Blackface: reminder of state’s racist past
RICHMOND, Va.— The discovery last week of a racist photo on Gov. Ralph Northam’s 1984 medical school yearbook page has served as a glaring reminder that Virginia — a former bastion of slavery and white supremacy— continues to struggle with mind-sets shaped by its turbulent racial history.
Even as Virginia has grown more socially liberal in recent decades, evidence that its racist tradition is not yet a thing of the past is everywhere. Statues of Confederate leaders remain the defining feature of Richmond’s Monument Avenue and the state Legislature still honors Confederate generals Robert E. Lee and “Stonewall” Jackson every year.
“When Virginia voted for Barack Obama in 2008, there was talk that Virginia was now moving into a new era. In actuality, Virginia faked left and went right,” said Gary Flowers, a Richmond native who is the former CEO of the Black Leadership Forum.
“This is a 400-year mode that’s going to take some time, but there has to be a radical restructuring of values,” Flowers said.
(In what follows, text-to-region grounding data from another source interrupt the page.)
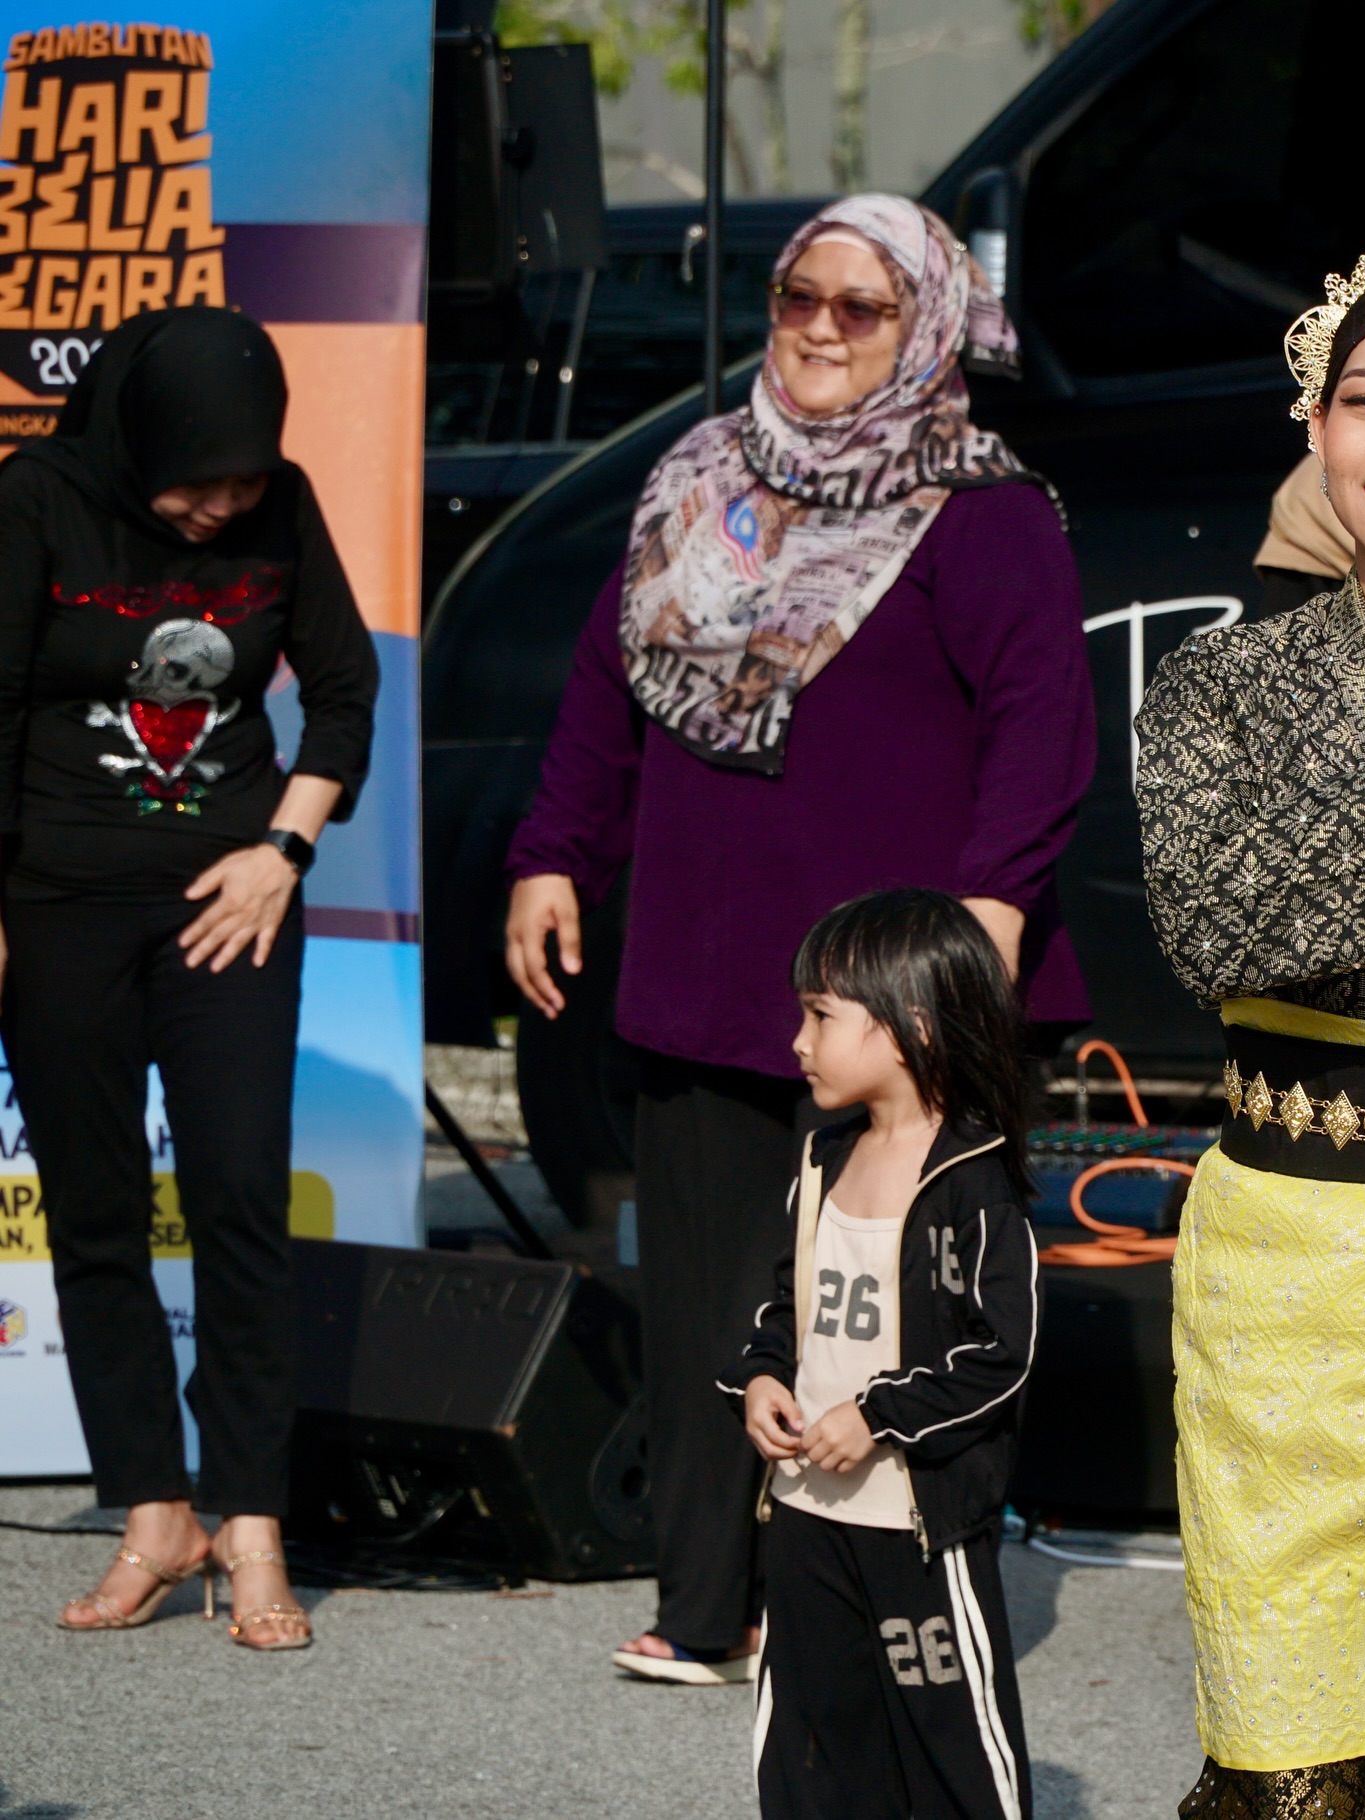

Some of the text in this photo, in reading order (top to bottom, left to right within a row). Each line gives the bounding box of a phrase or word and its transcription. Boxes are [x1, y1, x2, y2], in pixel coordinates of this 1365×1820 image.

[4, 22, 214, 70] SAMBUTAN
[0, 68, 213, 174] HARI
[30, 338, 103, 385] 20
[813, 1268, 881, 1341] 26
[879, 1615, 962, 1687] 26
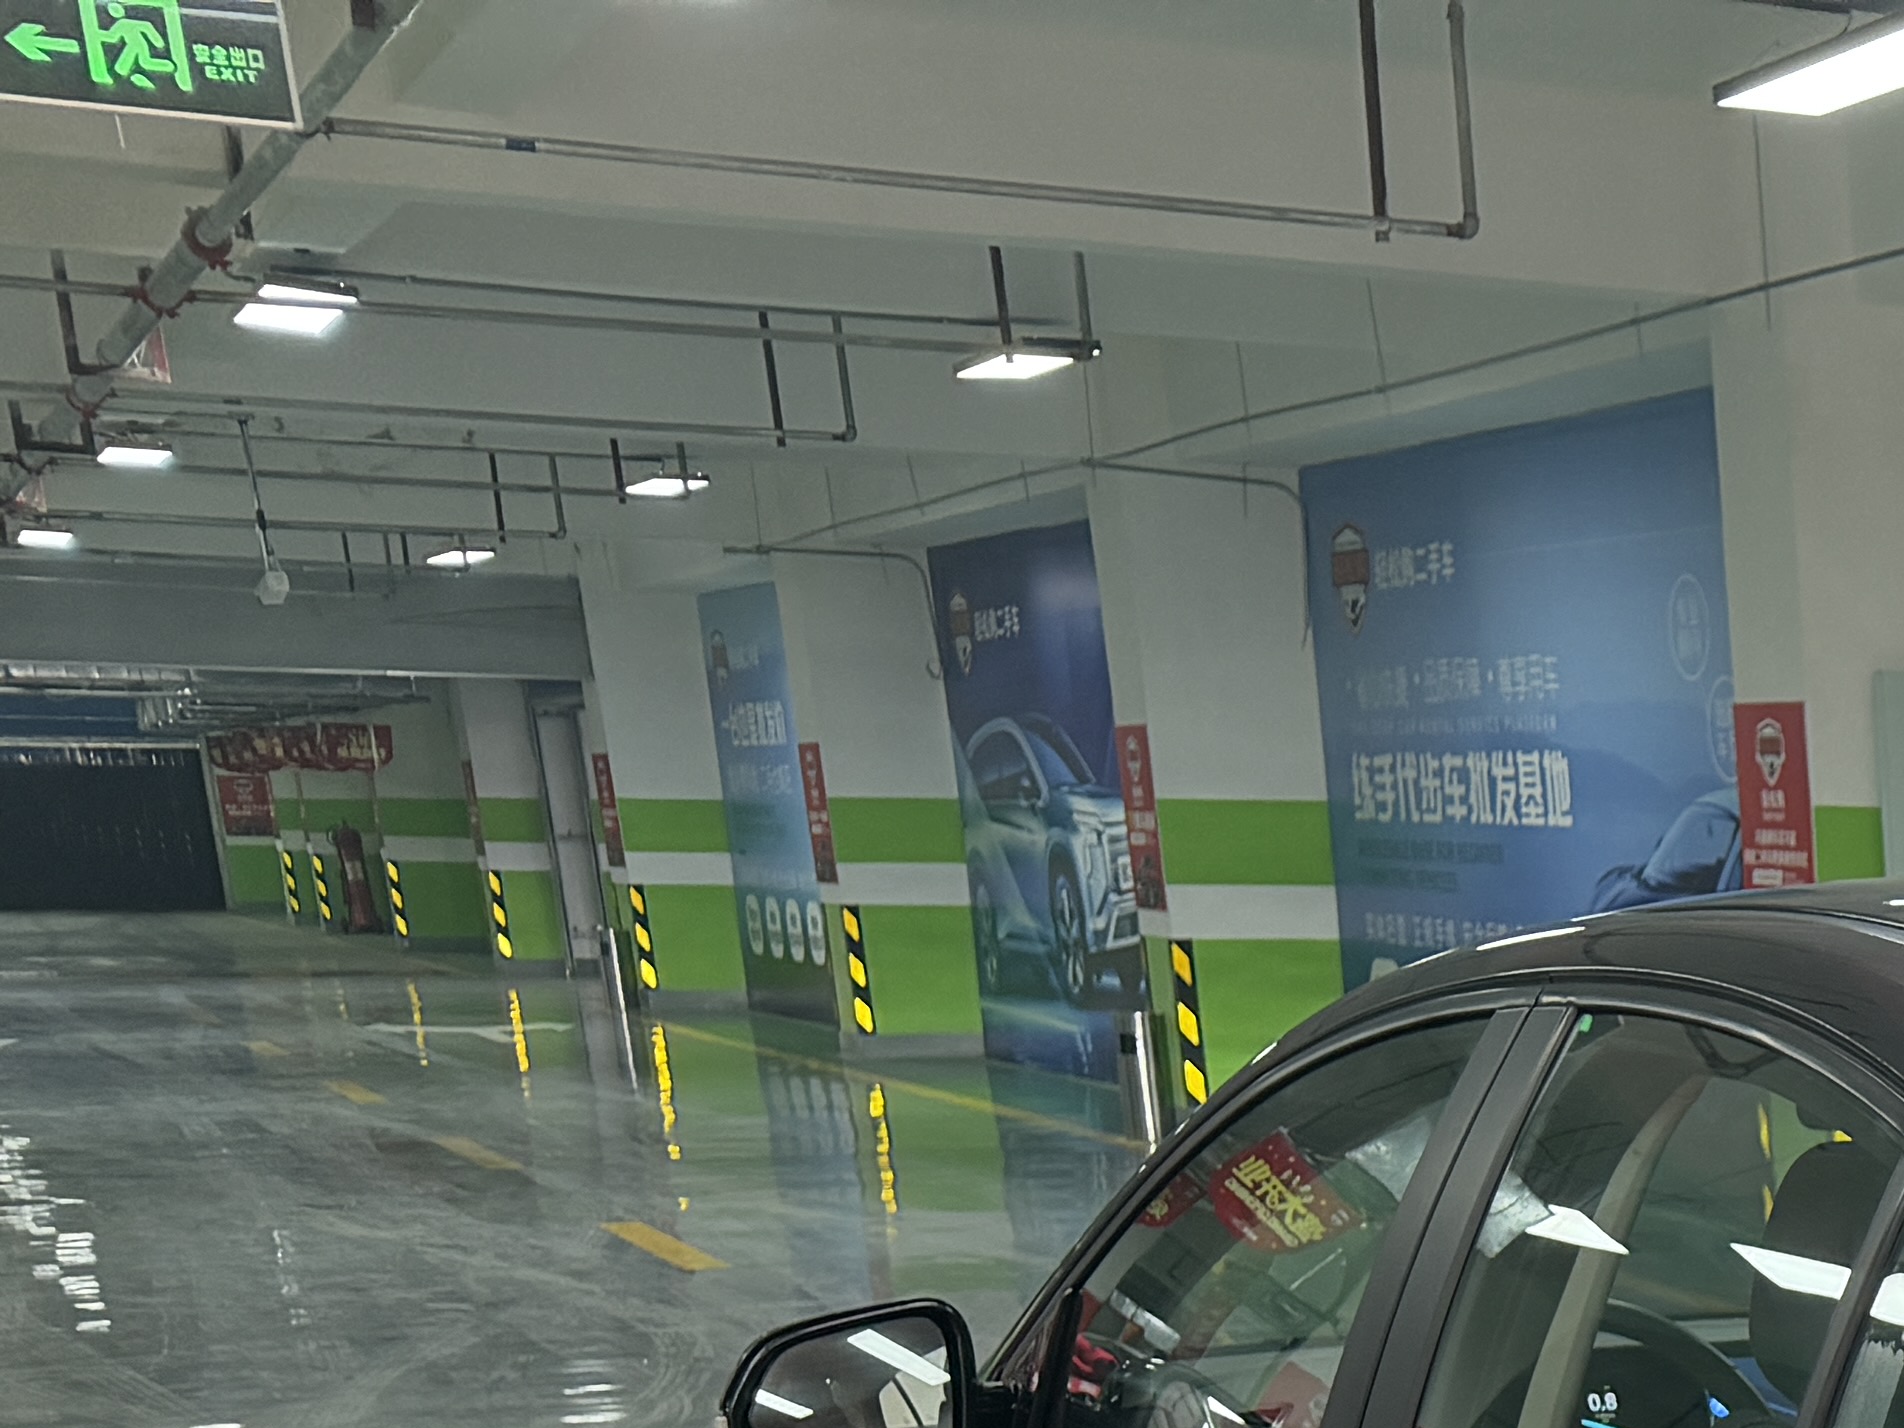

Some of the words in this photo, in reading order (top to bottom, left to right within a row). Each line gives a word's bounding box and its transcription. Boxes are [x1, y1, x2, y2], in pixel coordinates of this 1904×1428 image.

[191, 43, 265, 70] 安全出口
[204, 65, 258, 84] EXIT
[1352, 749, 1574, 828] 练手代步车批发基地
[1587, 1391, 1618, 1412] 0.8
While there is much ugliness to overcome, the commonwealth’s history is a complex one that has been marked by contrasts.
Virginia was the birthplace of American democracy, but also of enslavement; Richmond was the capital of the Confederacy, but also the home of Douglas Wilder, the nation’s first elected black governor. A statue of black tennis champion Arthur Ashe sits on Monument Avenue alongside those of the Confederate generals.
This year, Virginia will mark the 400th anniversary of the arrival in Jamestown of the first Africans to be sold as slaves in North America. Richmond was the site of one of the largest slave trades in the country.
A major blot on the state’s history is its “Massive Resistance,” when Virginia’s governor in the late 1950s closed its public schools rather than heed the U.S. Supreme Court’s order to integrate them.
Northam’s yearbook photo showing someone in blackface standing next to a person in a Ku Klux Klan hood and robe has been but the latest reminder of the state’s hateful past.
The picture sparked outrage and widespread calls for his resignation, including condemnation from Virginia Attorney General Mark Herring. But the scandal escalated Wednesday, when Herring, too, was forced to acknowledge that he had put on blackface in 1980 to look like a rapper during a party as a 19-yearold student at the University of Virginia.
Centuries of history are hard to escape, said Karen Sherry, a curator at the Virginia Museum of History & Culture.
“While Virginia’s demographics and politics have been evolving in recent years, social change and change in people’s attitudes is often very slow in coming,” Sherry said.